Tests for DocumentClassifier - TDD RED phase.
Test document type classification based on extracted fields.
"""
import pytest
from backend.domain.document_classifier import DocumentClassifier, ClassificationResult
class TestDocumentClassifier:
"""Test document classification logic."""
@pytest.fixture
def classifier(self) -> DocumentClassifier:
"""Create classifier instance."""
return DocumentClassifier()
# ==================== Invoice Detection Tests ====================
def test_classify_with_payment_line_returns_invoice(
self, classifier: DocumentClassifier
) -> None:
"""Payment line is the strongest invoice indicator."""
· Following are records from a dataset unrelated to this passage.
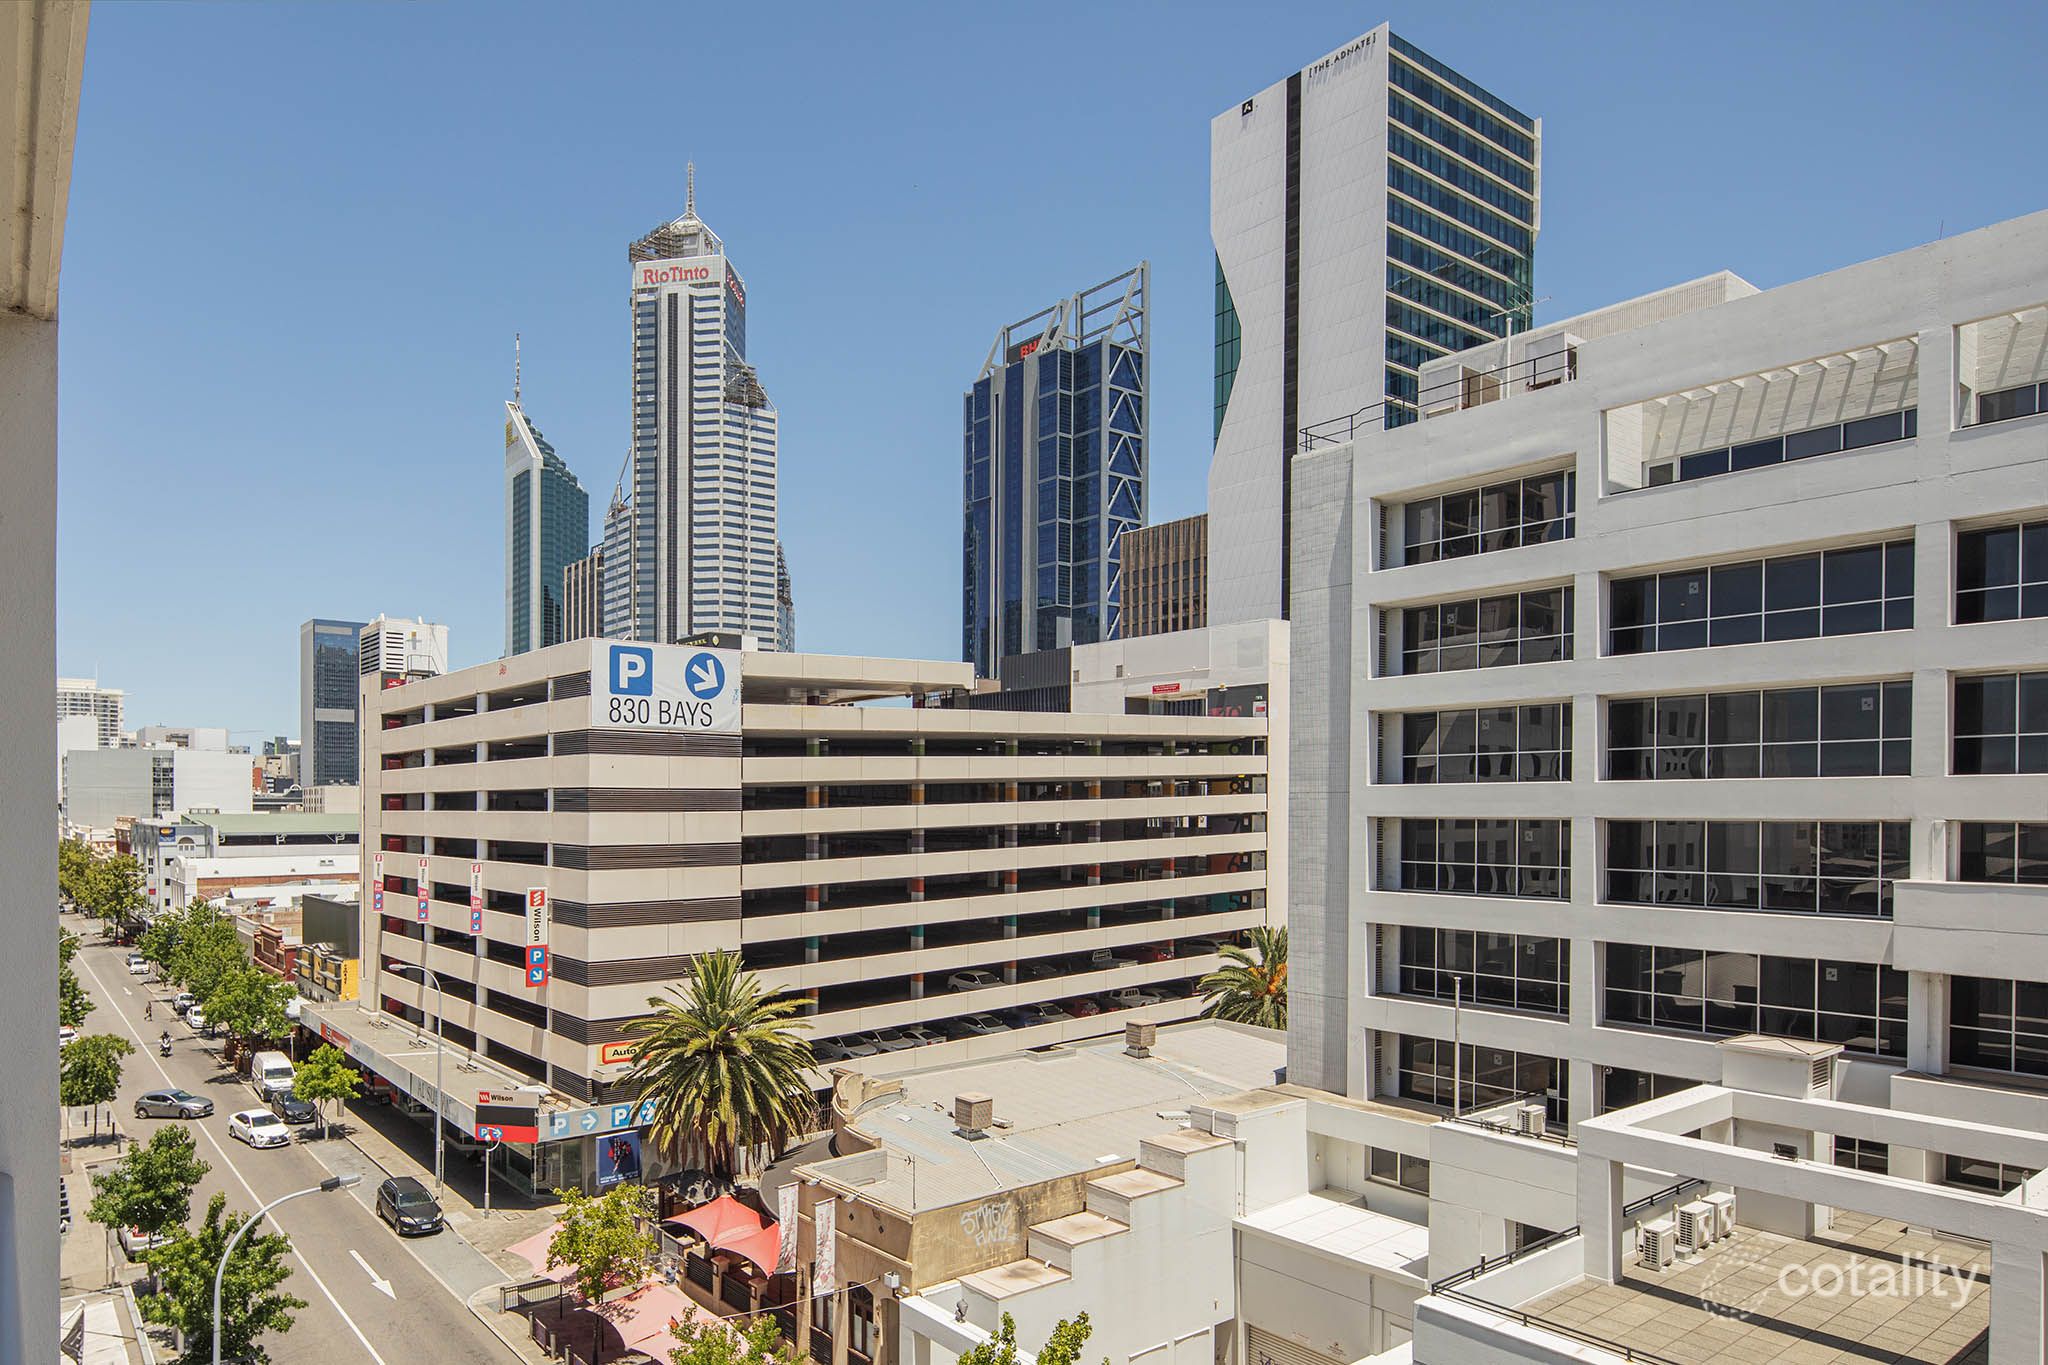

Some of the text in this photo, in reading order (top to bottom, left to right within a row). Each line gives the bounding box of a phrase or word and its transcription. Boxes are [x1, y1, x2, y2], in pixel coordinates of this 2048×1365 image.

[619, 652, 646, 689] P
[609, 697, 712, 727] 830 BAYS
[533, 908, 542, 942] Wilson
[533, 950, 542, 962] P
[491, 1094, 513, 1102] Wilson
[615, 1108, 627, 1125] P
[554, 1118, 567, 1134] P
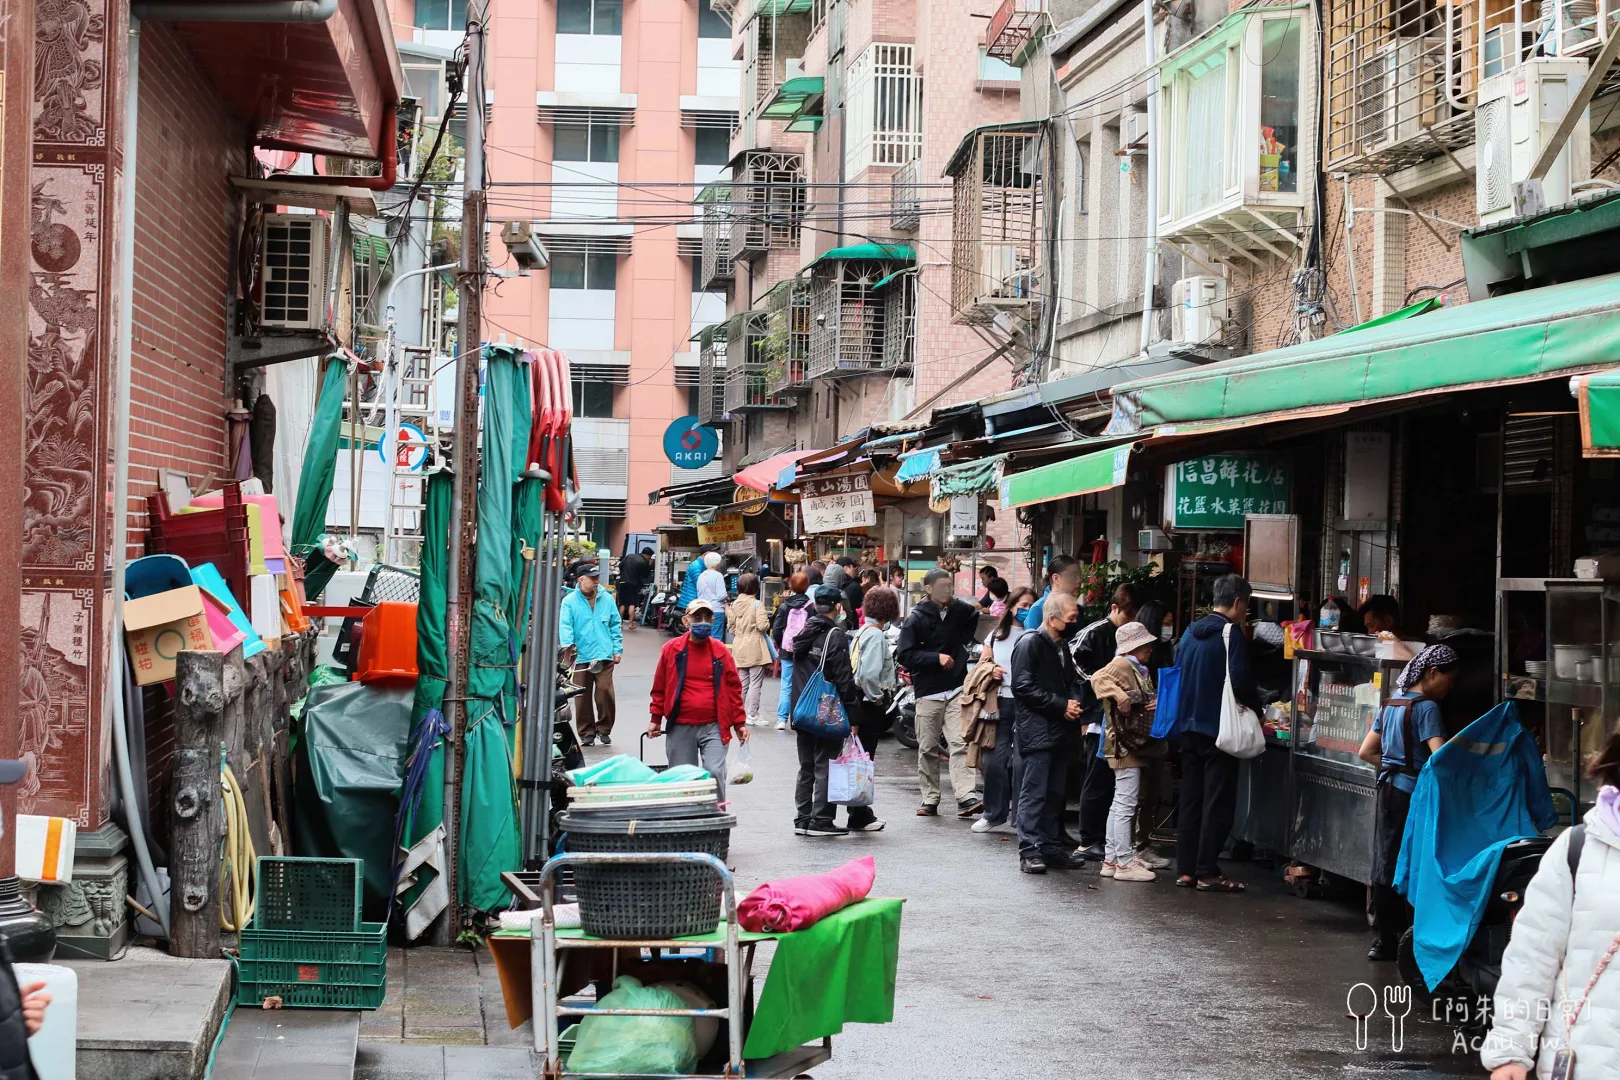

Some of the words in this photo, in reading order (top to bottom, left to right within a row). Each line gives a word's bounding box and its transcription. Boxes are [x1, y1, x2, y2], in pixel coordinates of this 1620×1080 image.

[675, 452, 707, 461] AKAI
[1176, 458, 1285, 488] 信昌鮮花店
[802, 474, 869, 498] 燕山湯圓
[810, 493, 865, 511] 鹹湯圓
[813, 510, 867, 528] 冬至圓
fields = {"payment_line": "# 123456 # 100 00 5 > 308-2963#"}
result = classifier.classify(fields)
assert result.document_type == "invoice"
assert result.confidence >= 0.9
assert "payment_line" in result.reason
def test_classify_with_multiple_indicators_returns_invoice(
self, classifier: DocumentClassifier
) -> None:
"""Multiple invoice indicators -> invoice with medium confidence."""
fields = {
"Amount": "1200.00",
"Bankgiro": "123-4567",
"payment_line": None,
}
result = classifier.classify(fields)
assert result.document_type == "invoice"
assert result.confidence >= 0.7
def test_classify_with_ocr_and_amount_returns_invoice(
self, classifier: DocumentClassifier
) -> None:
"""OCR + Amount is typical invoice pattern."""
fields = {
"OCR": "123456789012",
"Amount": "500.00",
}
result = classifier.classify(fields)
assert result.document_type == "invoice"
assert result.confidence >= 0.7
def test_classify_with_single_indicator_returns_invoice_lower_confidence(
self, classifier: DocumentClassifier
) -> None:
"""Single indicator -> invoice but lower confidence."""
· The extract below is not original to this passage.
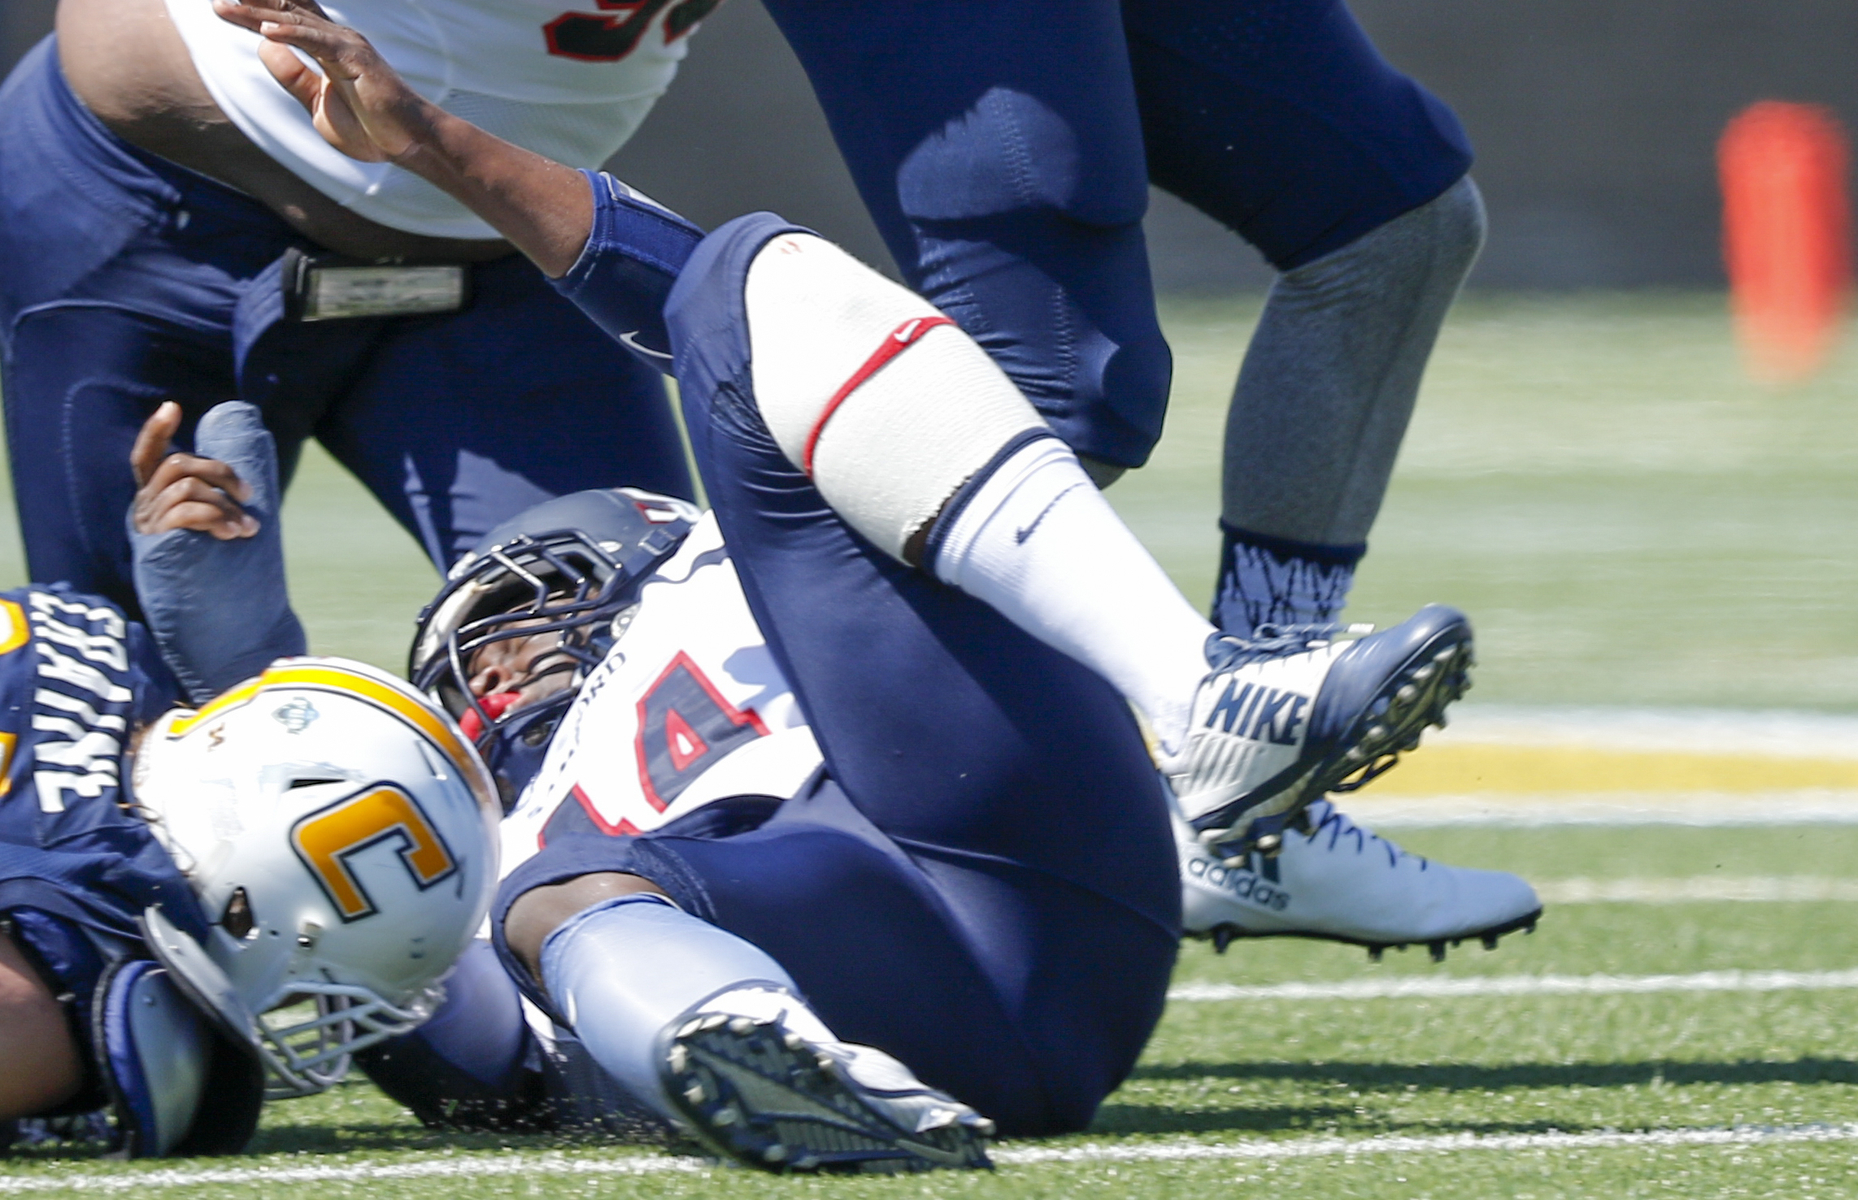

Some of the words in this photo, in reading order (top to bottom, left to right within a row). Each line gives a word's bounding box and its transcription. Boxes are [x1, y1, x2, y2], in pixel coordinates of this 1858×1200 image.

[28, 590, 133, 813] CRAINE
[1205, 678, 1310, 746] NIKE
[290, 781, 457, 925] C
[1188, 856, 1292, 912] adidas
fields = {"Amount": "100.00"}
result = classifier.classify(fields)
assert result.document_type == "invoice"
assert 0.5 <= result.confidence < 0.8
def test_classify_with_invoice_number_only(
self, classifier: DocumentClassifier
) -> None:
"""Invoice number alone suggests invoice."""
fields = {"InvoiceNumber": "INV-2024-001"}
result = classifier.classify(fields)
assert result.document_type == "invoice"
# ==================== Letter Detection Tests ====================
def test_classify_with_no_indicators_returns_letter(
self, classifier: DocumentClassifier
) -> None:
"""No invoice indicators -> letter."""
fields: dict[str, str | None] = {}
result = classifier.classify(fields)
assert result.document_type == "letter"
assert result.confidence >= 0.5
def test_classify_with_empty_fields_returns_letter(
self, classifier: DocumentClassifier
) -> None:
"""All fields empty or None -> letter."""
fields = {
"payment_line": None,
"OCR": None,
"Amount": None,
"Bankgiro": None,
}
result = classifier.classify(fields)
assert result.document_type == "letter"
def test_classify_with_only_non_indicator_fields_returns_letter(
self, classifier: DocumentClassifier
) -> None:
"""Fields that don't indicate invoice -> letter."""
fields = {
"CustomerNumber": "C12345",
"SupplierOrgNumber": "556677-8899",
}
result = classifier.classify(fields)
assert result.document_type == "letter"
# ==================== Edge Cases ====================
def test_classify_with_empty_string_fields_returns_letter(
self, classifier: DocumentClassifier
) -> None:
"""Empty strings should be treated as missing."""
fields = {
"payment_line": "",
"Amount": "",
}
result = classifier.classify(fields)
assert result.document_type == "letter"
def test_classify_with_whitespace_only_fields_returns_letter(
self, classifier: DocumentClassifier
) -> None:
"""Whitespace-only strings should be treated as missing."""
fields = {
"payment_line": " ",
"Amount": "\t\n",
}
result = classifier.classify(fields)
assert result.document_type == "letter"
# ==================== ClassificationResult Immutability ====================
def test_classification_result_is_immutable(
self, classifier: DocumentClassifier
) -> None:
"""ClassificationResult should be a frozen dataclass."""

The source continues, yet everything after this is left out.